What is OWASP LLM03 supply chain risk and how do I secure third-party models, LoRA adapters, and datasets?

OWASP LLM03 Supply Chain risk involves vulnerable or compromised components such as base models, fine-tunes, datasets, adapters, plugins, and third-party packages of unknown provenance. Securing these components requires a multi-faceted approach focusing on provenance, vetting, and integrity.

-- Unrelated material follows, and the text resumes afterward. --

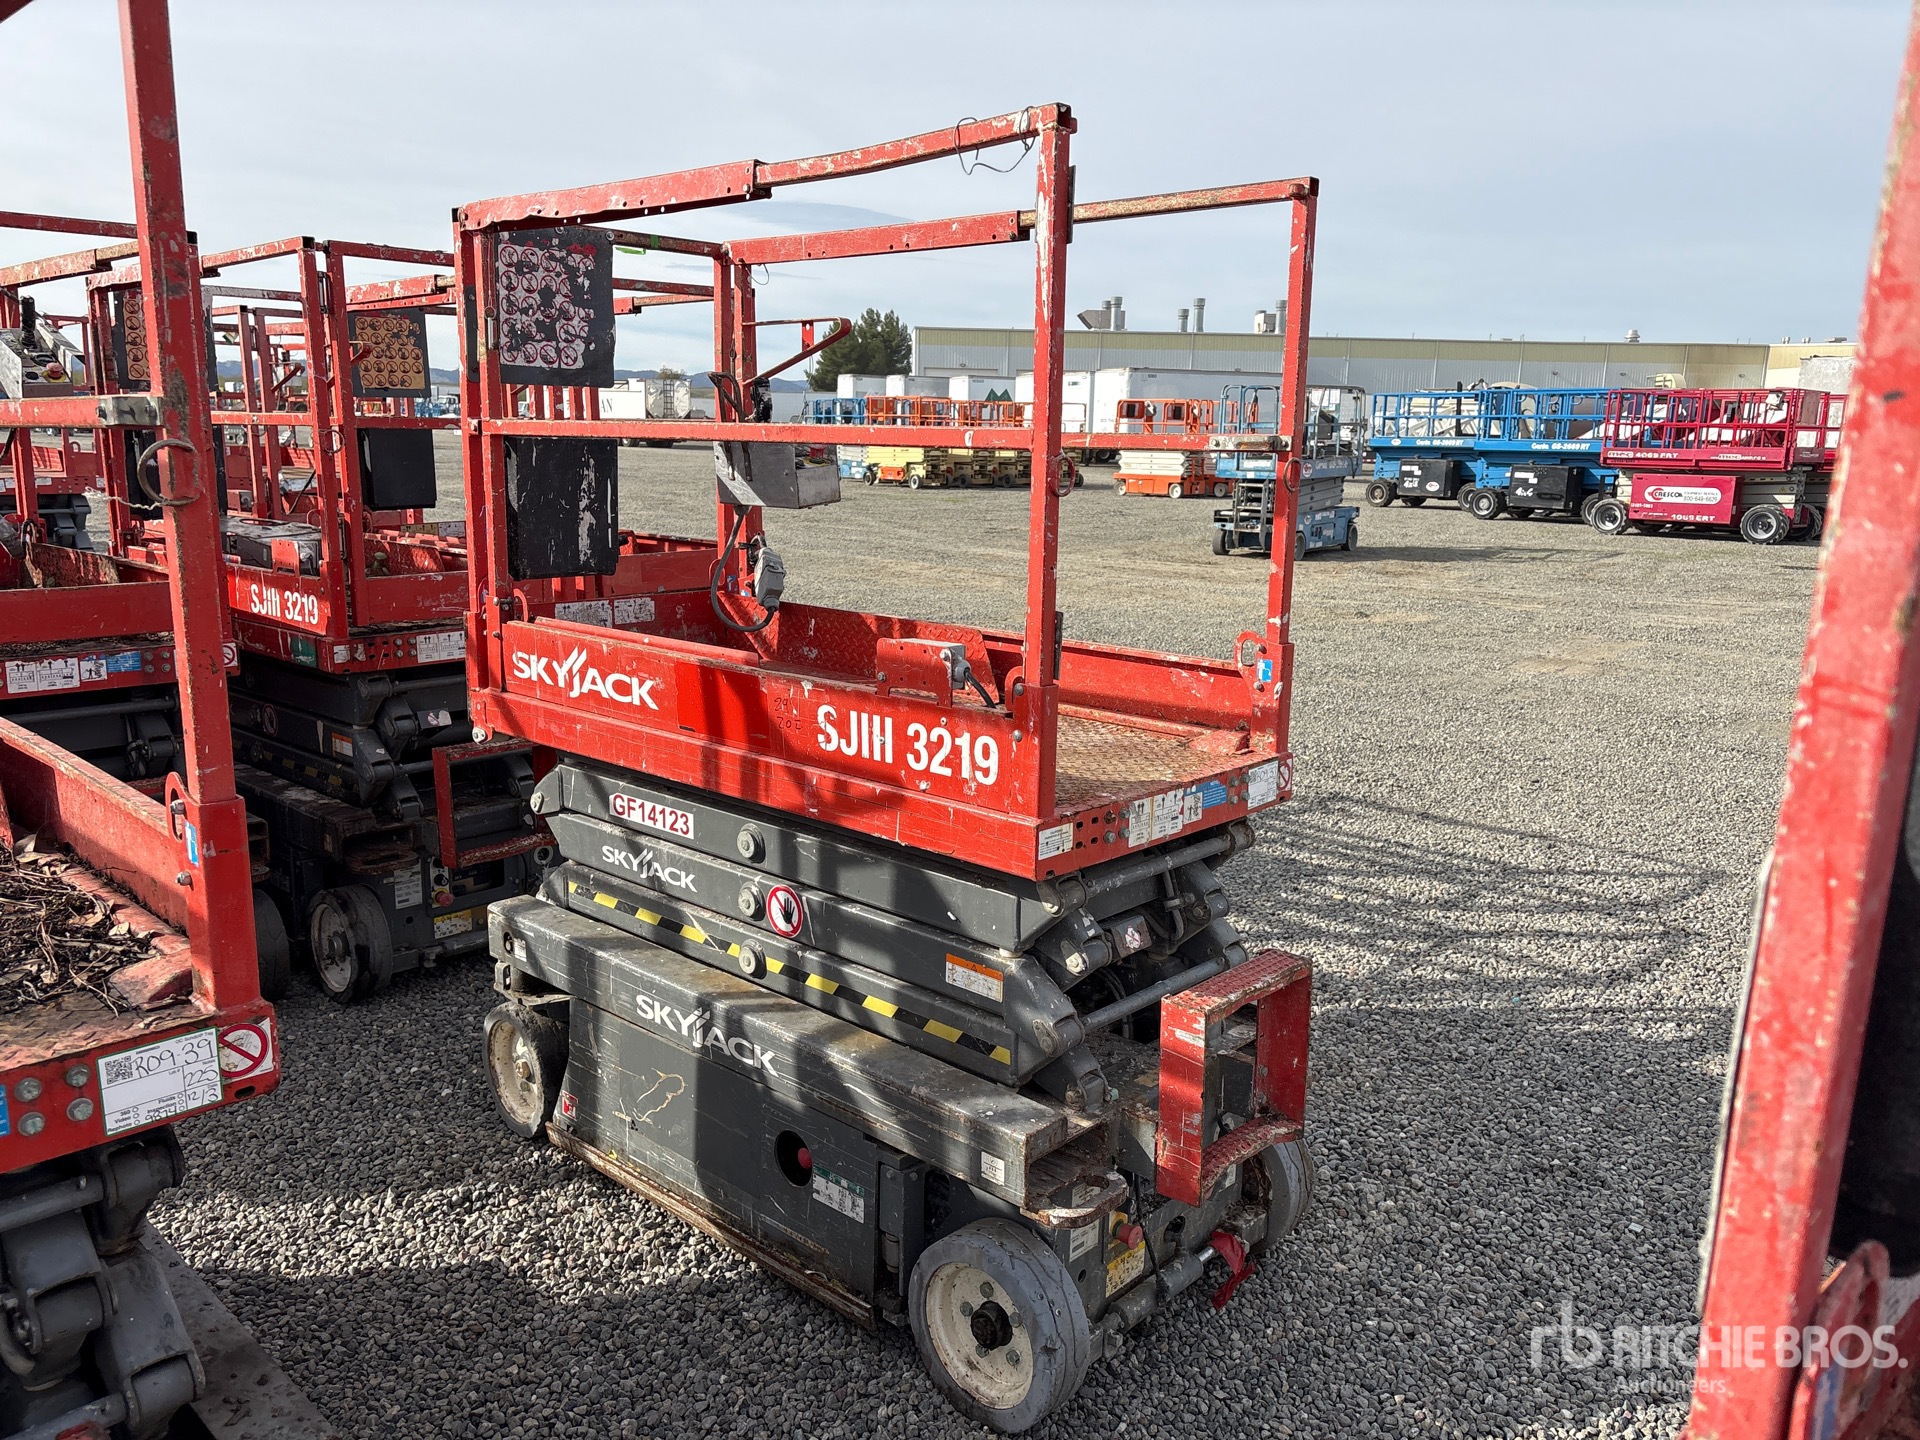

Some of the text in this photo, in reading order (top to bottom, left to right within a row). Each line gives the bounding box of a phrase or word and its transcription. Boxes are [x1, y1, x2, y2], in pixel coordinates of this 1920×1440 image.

To secure third-party models, LoRA adapters, and datasets, implement the following controls:

• Model/Dataset Provenance & Licensing Records: Maintain detailed records of the origin and licensing of all models and datasets used. This aligns with NIST-GOVERN-6.1, which emphasizes tracking provenance and licensing for third-party components.
• Signed Artifacts: Utilize signed artifacts for models, datasets, and other components to ensure their integrity and authenticity. This helps mitigate risks like golden dataset poisoning.
• Software Bill of Materials (SBOM) for the AI Stack: Generate and maintain an SBOM for the entire AI stack to identify all components and their dependencies. This provides transparency into the supply chain.
• Vetting of Plugins/Model Context Protocol (MCP) Tools: Thoroughly vet all plugins and MCP tools before integration. Treat any third-party MCP server as high-risk without scrutiny, as they expand the attack surface. DefenseClaw, for example, scans and evaluates skills, MCP servers, and plugins before they run.
• Pinned Versions: Use pinned versions for all dependencies to prevent unexpected changes or vulnerabilities from being introduced.
• Third-party Risk Policy: Establish and enforce policies that address risks from third-party models, datasets, and tools, including tracking provenance, licensing, and model-update risks. This is a direct control for NIST-GOVERN-6.1.
• Data-Source Vetting & Integrity Checks: For datasets, vet data sources and perform integrity checks to prevent data poisoning. This is a control for OWASP LLM04 Data and Model Poisoning.